Butterley Park Pumping Station & Butterley Park Pits No.s 1,2,3 and 4

The Butterley Company began mining coal and ironstone in nearby Butterley Park in the early 1800s.
However the company soon found that underground water was a considerable problem and that steam pumping engines (Fire Engines as they were known at the time) would be required to prevent the mines from flooding.

Fig.1 Map dated 1901 showing location of pumping station and abandoned Butterley Park shafts.

Butterley Park Pumping Station.

The Butterley Park Pumping Station is identified as New Close Engine House on John Wright’s map of 1828. It was located just off the Golden Valley to Ripley Coach Road close to Woollacot’s farm.
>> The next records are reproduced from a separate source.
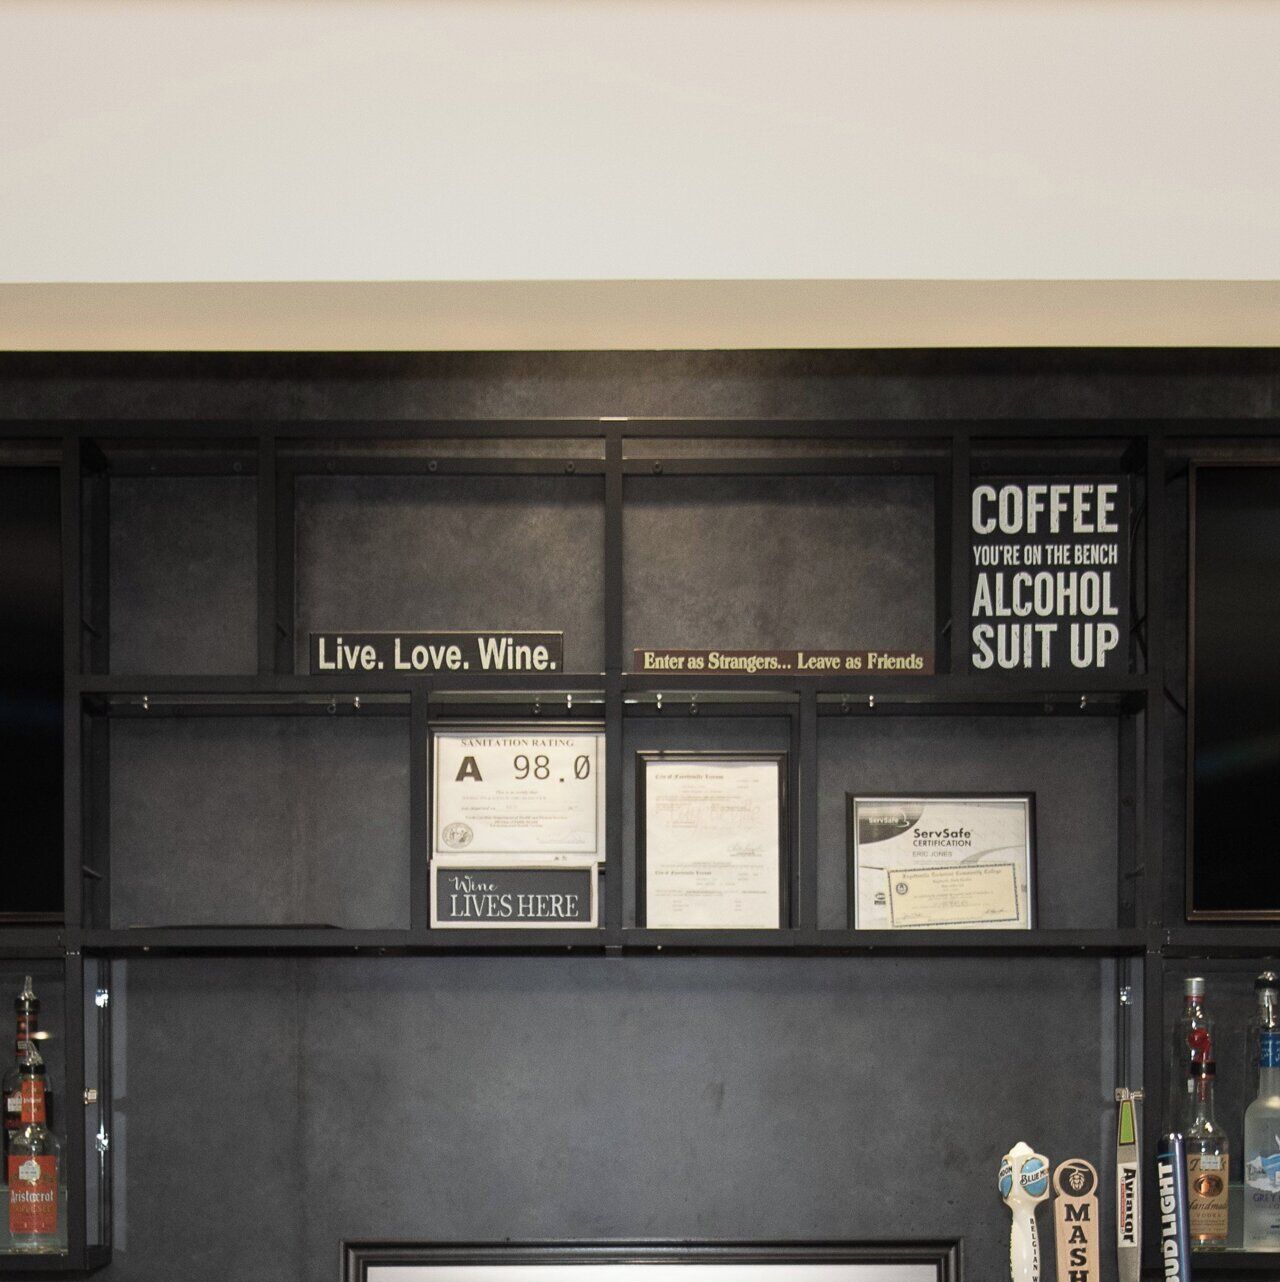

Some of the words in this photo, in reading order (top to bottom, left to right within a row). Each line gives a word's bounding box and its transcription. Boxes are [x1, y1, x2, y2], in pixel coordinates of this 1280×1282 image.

[972, 484, 1119, 535] COFFEE
[973, 544, 1021, 566] YOU'RE
[1023, 544, 1042, 566] ON
[1045, 544, 1071, 566] THE
[1074, 544, 1118, 566] BENCH
[972, 571, 1119, 617] ALCOHOL
[319, 637, 384, 670] Live.
[394, 637, 469, 670] Love.
[477, 637, 556, 670] Wine.
[972, 623, 1058, 669] SUIT
[1070, 623, 1120, 668] UP
[644, 652, 685, 669] Enter
[687, 655, 704, 669] as
[708, 652, 792, 673] Strangers...
[797, 652, 840, 669] Leave
[845, 655, 862, 669] as
[867, 652, 924, 669] Friends
[461, 739, 531, 748] SANITATION
[532, 739, 574, 748] RATING
[455, 756, 483, 782] A
[913, 828, 971, 839] ServSafe
[913, 839, 971, 847] CERTIFICATION
[449, 875, 498, 893] Wine
[450, 894, 513, 918] LIVES
[517, 894, 579, 918] HERE
[1020, 1170, 1040, 1186] BLUE
[1123, 1168, 1137, 1243] Aviator
[1158, 1162, 1177, 1238] LIGHT
[1029, 1218, 1039, 1271] BELGIAN
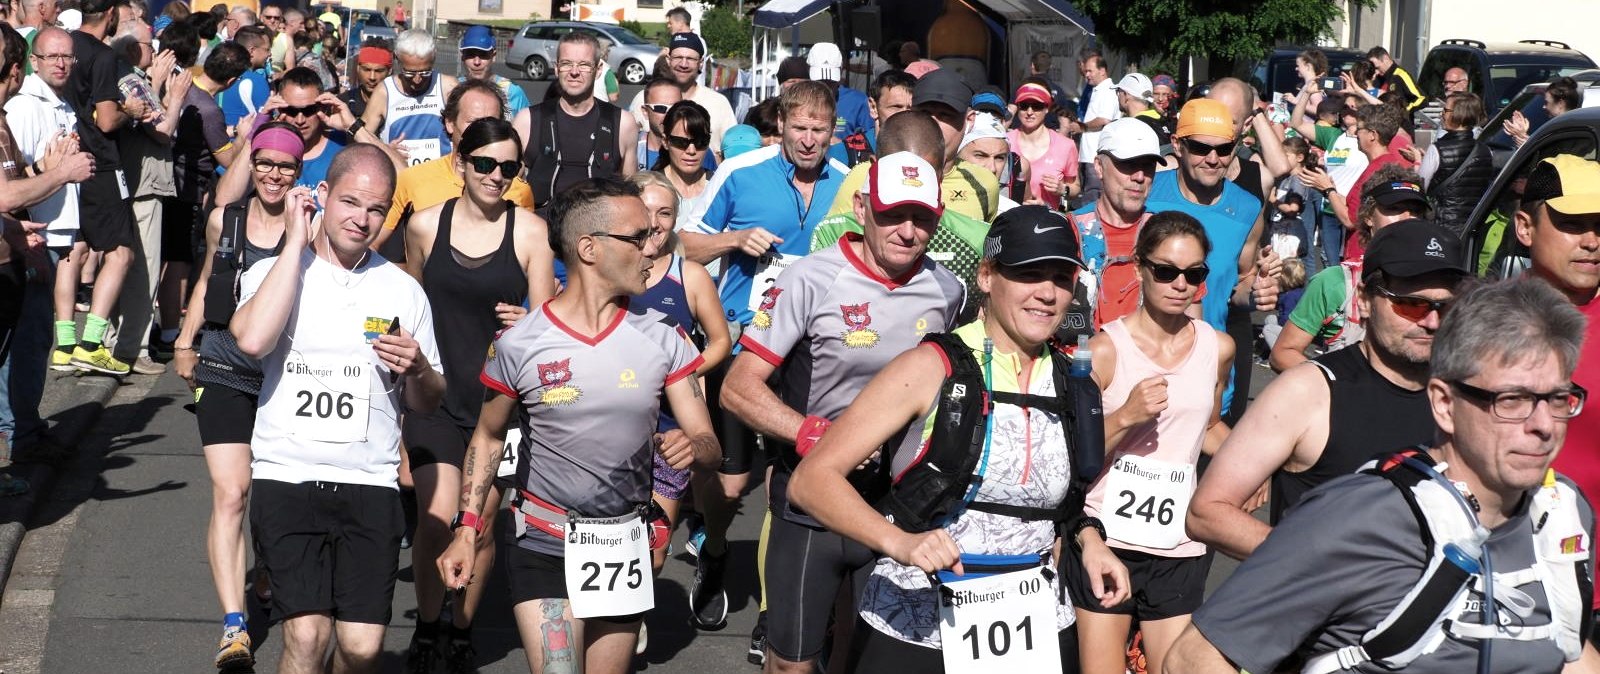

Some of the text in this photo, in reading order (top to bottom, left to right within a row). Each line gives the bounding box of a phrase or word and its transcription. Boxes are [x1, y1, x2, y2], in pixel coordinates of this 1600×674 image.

[296, 363, 332, 378] Bitburger
[295, 390, 354, 420] 206
[1123, 461, 1160, 480] Bitburger
[1115, 490, 1175, 526] 246
[580, 532, 623, 547] Bitburger
[580, 558, 642, 591] 275
[956, 577, 1040, 606] Bitburger 0.0
[962, 615, 1033, 660] 101
A shaft was sunk in 1841-43 to the Ironstone seam at 125yds deep. The pumping station had a beam type pumping-engine that concentrated on draining the Butterley company South workings.

Water was pumped from the mine workings and into a sough, which drained into the nearby Butterley Tunnel on the Cromford Canal. A survey of the Butterley Tunnel in 1907 by Henry Eustace Mitton records at 13 chains (47ft 6 inch) from the Eastern portal, the mouth of an outlet from the Butterley Park pumping Station, 2ft 6in high and 3ft wide.
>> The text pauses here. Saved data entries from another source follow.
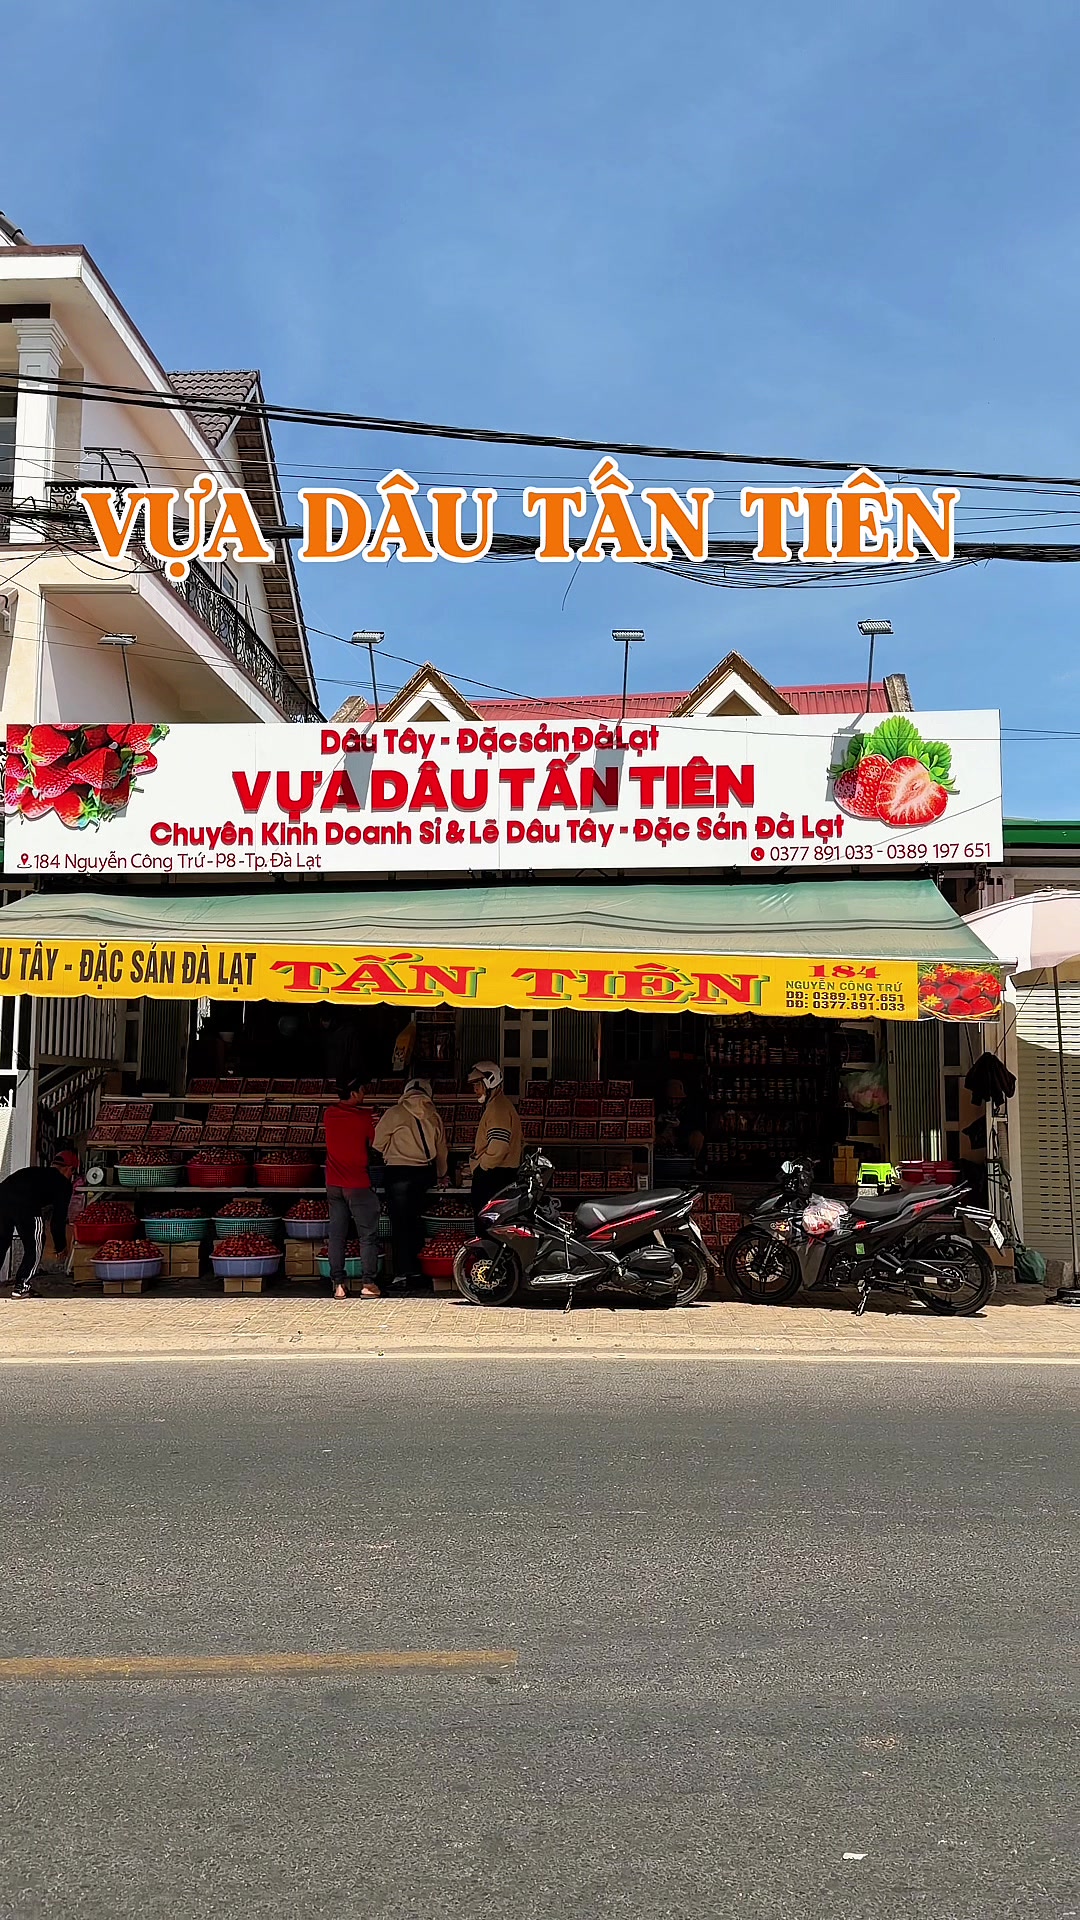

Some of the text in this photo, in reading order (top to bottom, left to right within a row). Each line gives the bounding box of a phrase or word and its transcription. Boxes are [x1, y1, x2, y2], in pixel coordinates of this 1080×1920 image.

[321, 727, 377, 755] Dâu
[384, 728, 435, 759] Tây
[232, 753, 754, 824] VỰA DÂU TẤN TIÊN
[150, 820, 253, 850] Chuyên
[262, 822, 318, 846] Kinh
[325, 821, 411, 845] Doanh
[446, 820, 465, 844] &
[507, 818, 560, 844] Dâu
[567, 818, 614, 847] Tây
[633, 816, 690, 847] Đặc
[697, 812, 747, 841] Sản
[755, 812, 795, 840] Đà
[802, 814, 844, 844] Lạt
[34, 854, 60, 869] 184
[65, 850, 127, 872] Nguyễn
[131, 853, 173, 872] Công
[297, 852, 321, 870] Lạt
[770, 846, 809, 861] 0377
[814, 846, 840, 861] 891
[846, 845, 873, 860] 033
[887, 844, 927, 859] 0389
[933, 843, 959, 859] 197
[964, 843, 991, 858] 651
[19, 941, 59, 981] TÂY
[79, 942, 124, 990] ĐẶC
[182, 944, 211, 985] ĐÀ
[218, 951, 257, 992] LẠT
[808, 964, 882, 979] 184
[268, 952, 770, 1006] TẤN TIÊN
[839, 980, 873, 991] CÔNG
[877, 981, 903, 992] TRỨ
[812, 991, 904, 1002] 0389.197.651
[812, 1000, 905, 1011] 0377.891.033
Fig.2 Butterley Park Pumping Station circa 1907.
This is now the location of the Golden Valley caravan Park.

Accident 20th April 1893 
William Langton had been attending to some repairs to the pumping engine, but when it started the beam knocked him down a ladder on which he was standing, throwing him to the ground. He died a few days later on the 30th April.

The pumping station closed in 1909.

Butterley Park collieries Nos. 1,2,3 and 4 
All located on a parcel of land known as Brothel Meadow, now the location of the Golden Valley caravan Park.

Butterley Park No.1
Foundation Pit
Under Manager: Mr Thomas Steeples.
153yds deep to Hard coal, air pit to Black Rake seam. 

Butterley Park No.2
Ironstone Pit
Under Manager: Mr William Langton

A PIT Disaster.
By Joseph Millot Severn
I had been working in No. 2 Butterley Park mine for three and a half years, when during the Christmas holidays a serious disaster occurred. 
On the Sunday morning when the men responsible for the foddering of the ponies and donkeys had started down the shaft, they soon realised that something unusual had occurred.
The air was foul and suffocating. On arriving at the pit bottom, they signalled to be quickly drawn up again. The cause was readily surmised. 
During the night there had been an immense fall of roof a short distance from the shaft, just beyond the stables, and the main gangways and all the air-ways were blocked. The news spread quickly, and groups of volunteers were soon at the pit mouth, ready and willing to do their best to save the poor animals. 
One set of men after another took the risk of going down and endeavoring to get to the animals, but failed; the air became more stifling. 
In trying to save a fine young pony, the mine gaffer, Mr. Langton, nearly lost his life. For days the men worked in shifts in the suffocating fumes, and when at last they got to the poor animals, all of them were dead. One by one they were brought out: old Tom and Merry, Taf and Charlie, and half-a-dozen more that had fallen victims of one of the worst disasters that occur in mines: air stoppage and foul poison gas. 
They were all buried in a field close by, and we youths who had ganged them, and knew them so well, had difficulty in hiding some sorrowful tears.
The damage to the mine was so extensive that it had to be closed down; it was never fit to be worked again; and we youths and men had to seek work elsewhere.
Had the disaster occurred while we were at work, we should all certainly have met the same fate as the animals, for the nearest pit shaft connecting with ours was more than a mile away, the circuitous under-ground route to it would possibly be three miles, and the airways through which we should have had to go were so small in places as to be little bigger than a man’s body. 
They ‘were used only on very rare occasions, and would not only have been difficult to crawl through, but in doing so, the limited amount of air would have been foul and suffocating.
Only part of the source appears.